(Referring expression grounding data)
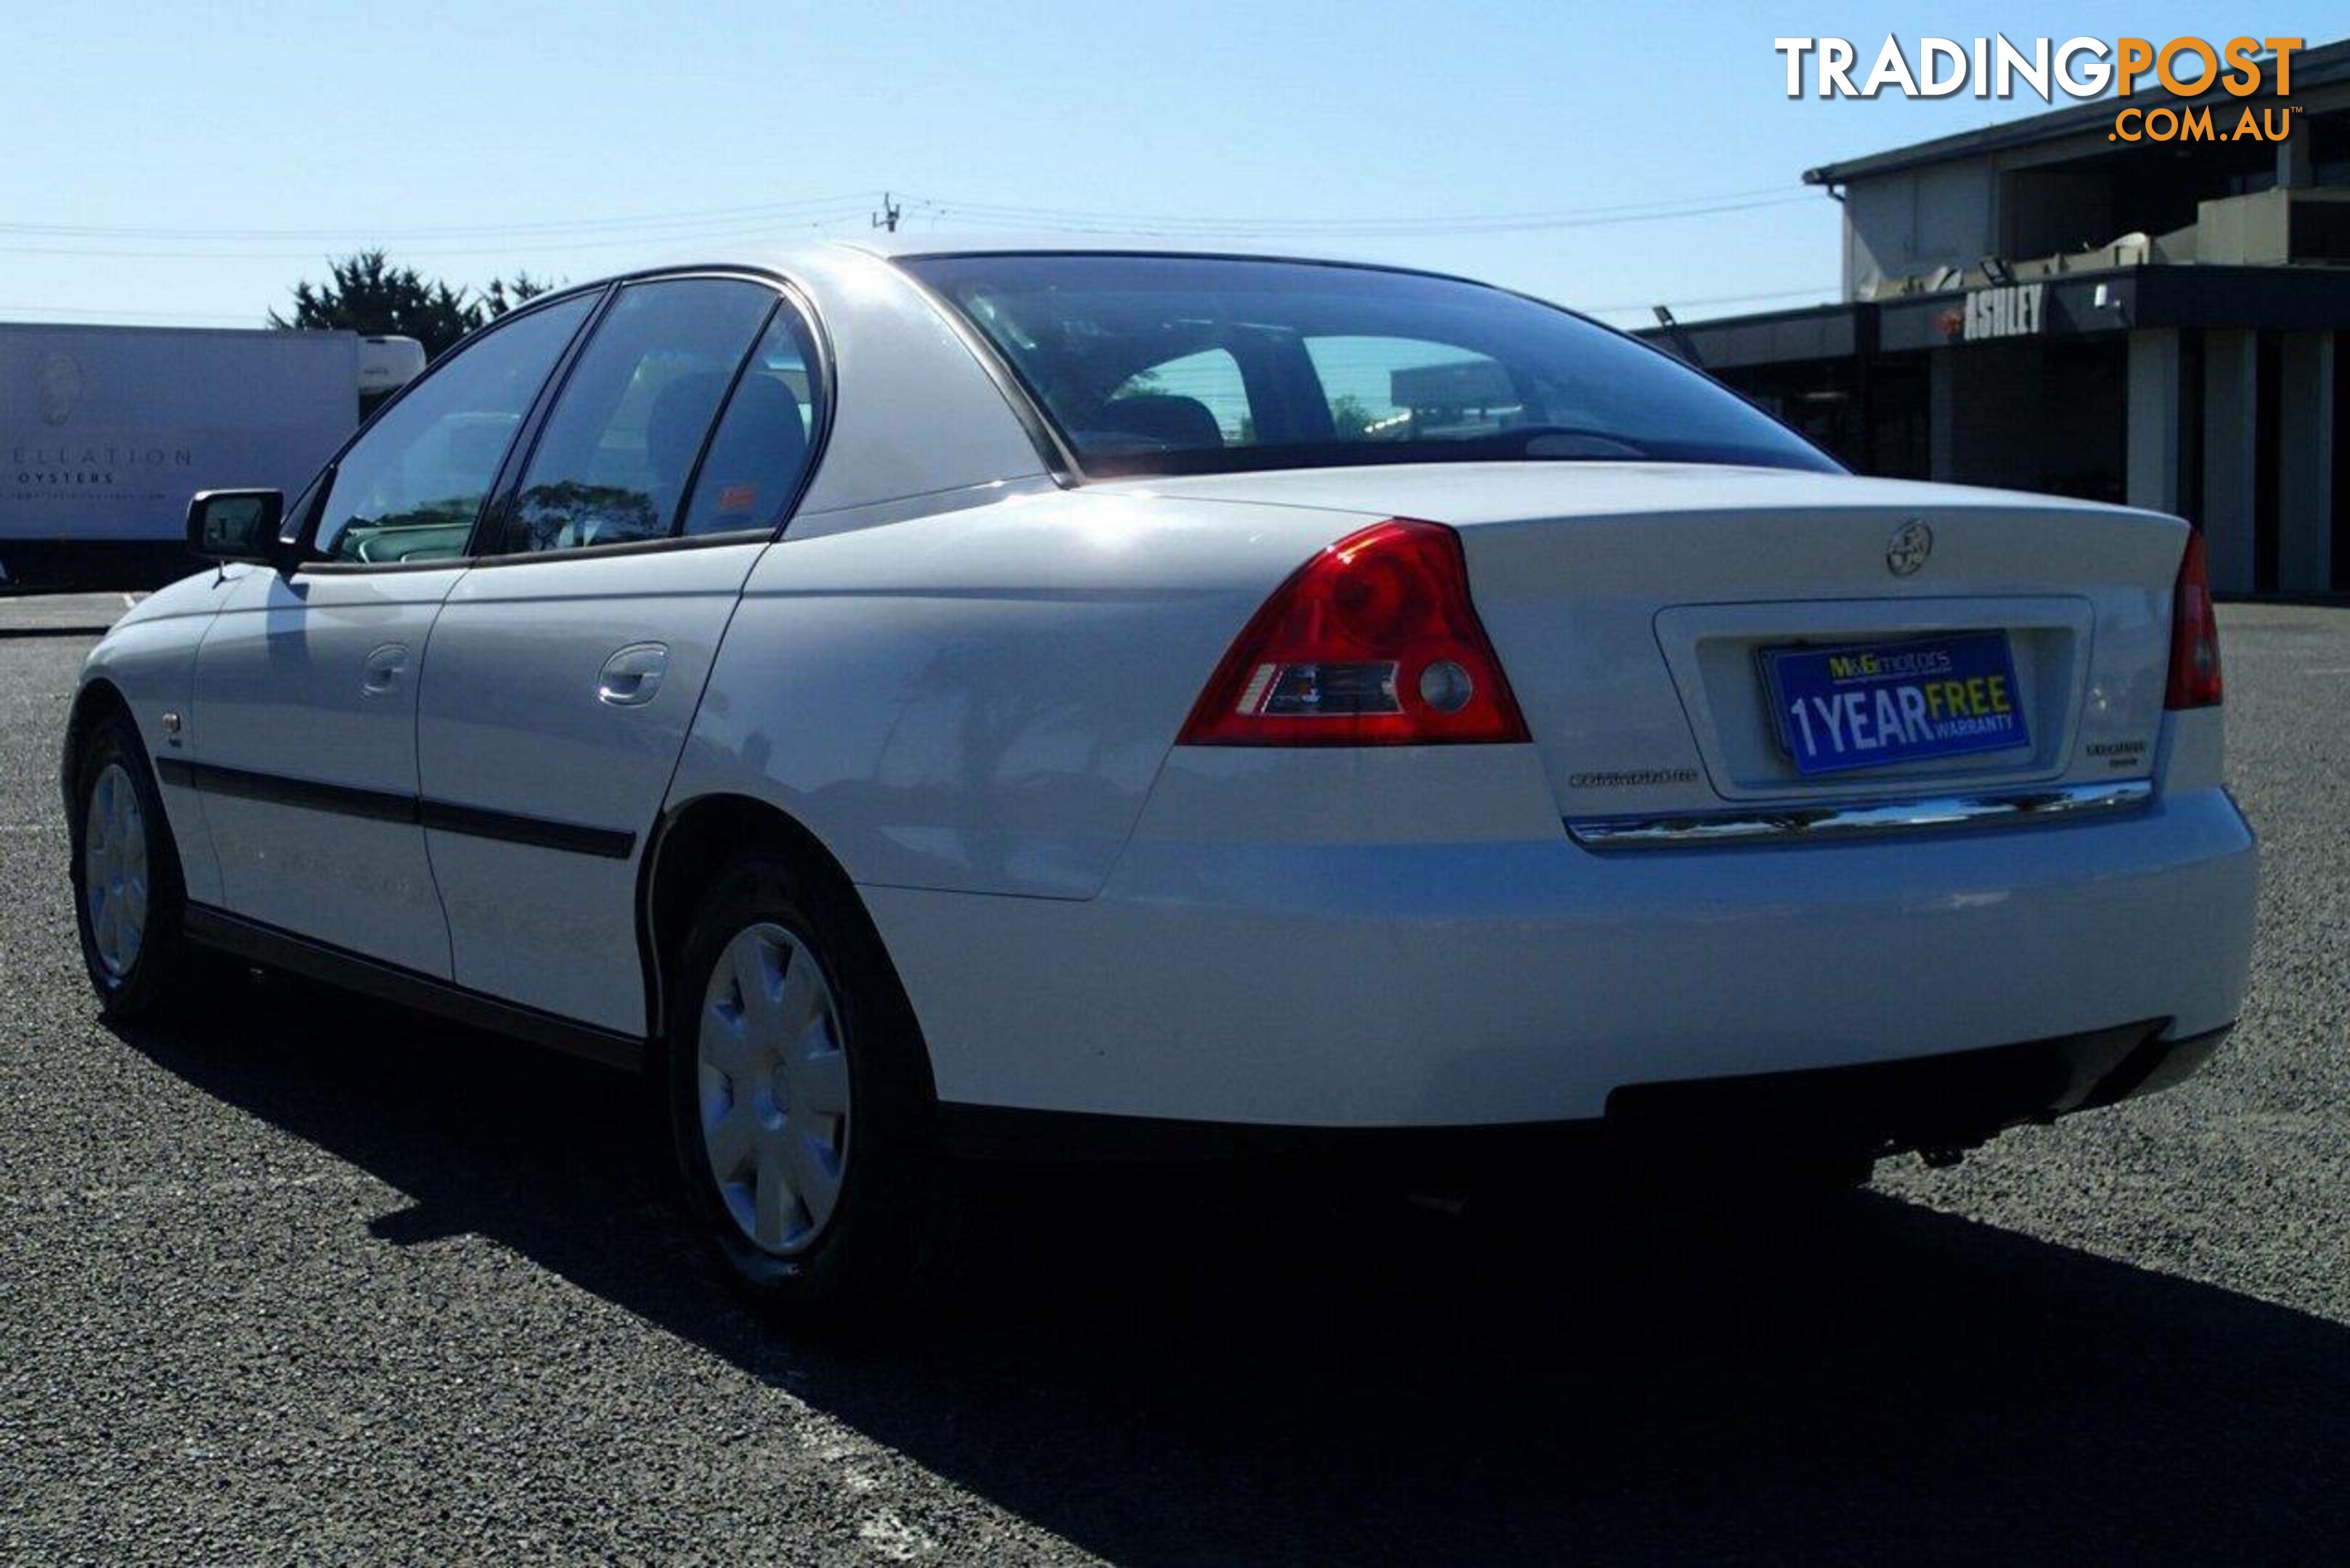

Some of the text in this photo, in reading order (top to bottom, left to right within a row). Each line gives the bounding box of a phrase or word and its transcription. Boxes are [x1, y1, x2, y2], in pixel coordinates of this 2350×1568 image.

[1964, 284, 2041, 340] ASHLEY
[17, 471, 113, 484] OYSTERS
[1925, 675, 2011, 720] FREE
[1935, 714, 2013, 739] WARRANTY
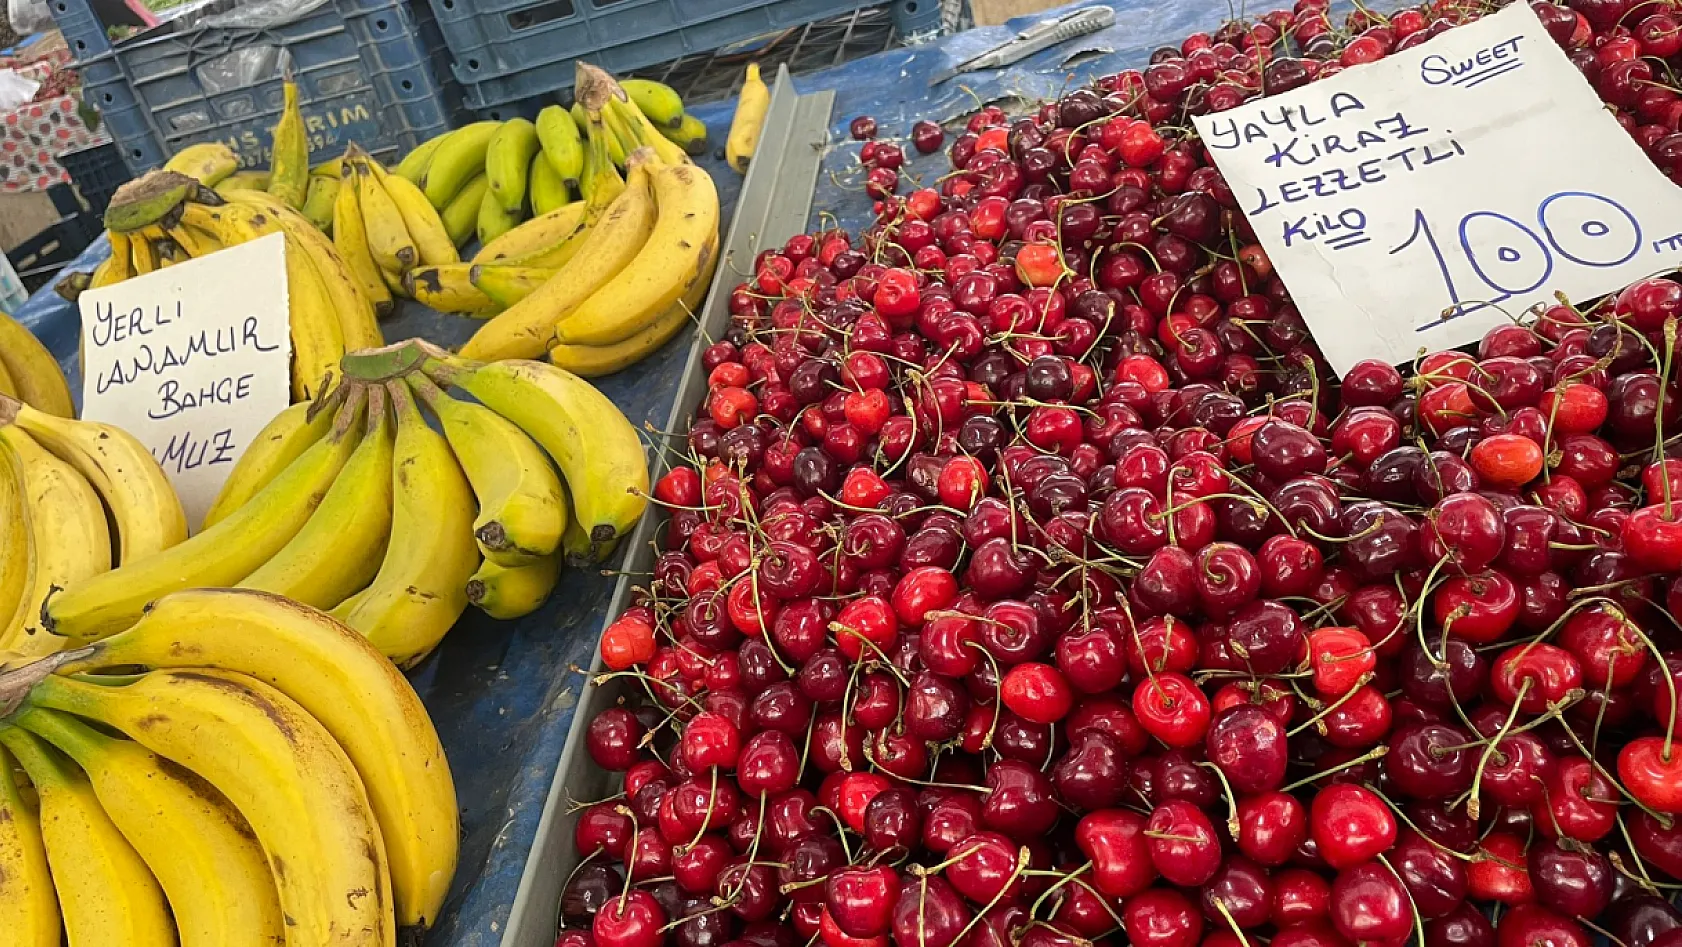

Task description
Give the entries again exactly, but skip every image.

Written answer
Some of the text in this photo, in reading order (top to bottom, left to right within a row). Each line gives the bounding box of a phrase or word and its transcription. Boxes are [x1, y1, x2, y2], in pixel coordinates of this 2350×1568 image.

[1964, 284, 2041, 340] ASHLEY
[17, 471, 113, 484] OYSTERS
[1925, 675, 2011, 720] FREE
[1935, 714, 2013, 739] WARRANTY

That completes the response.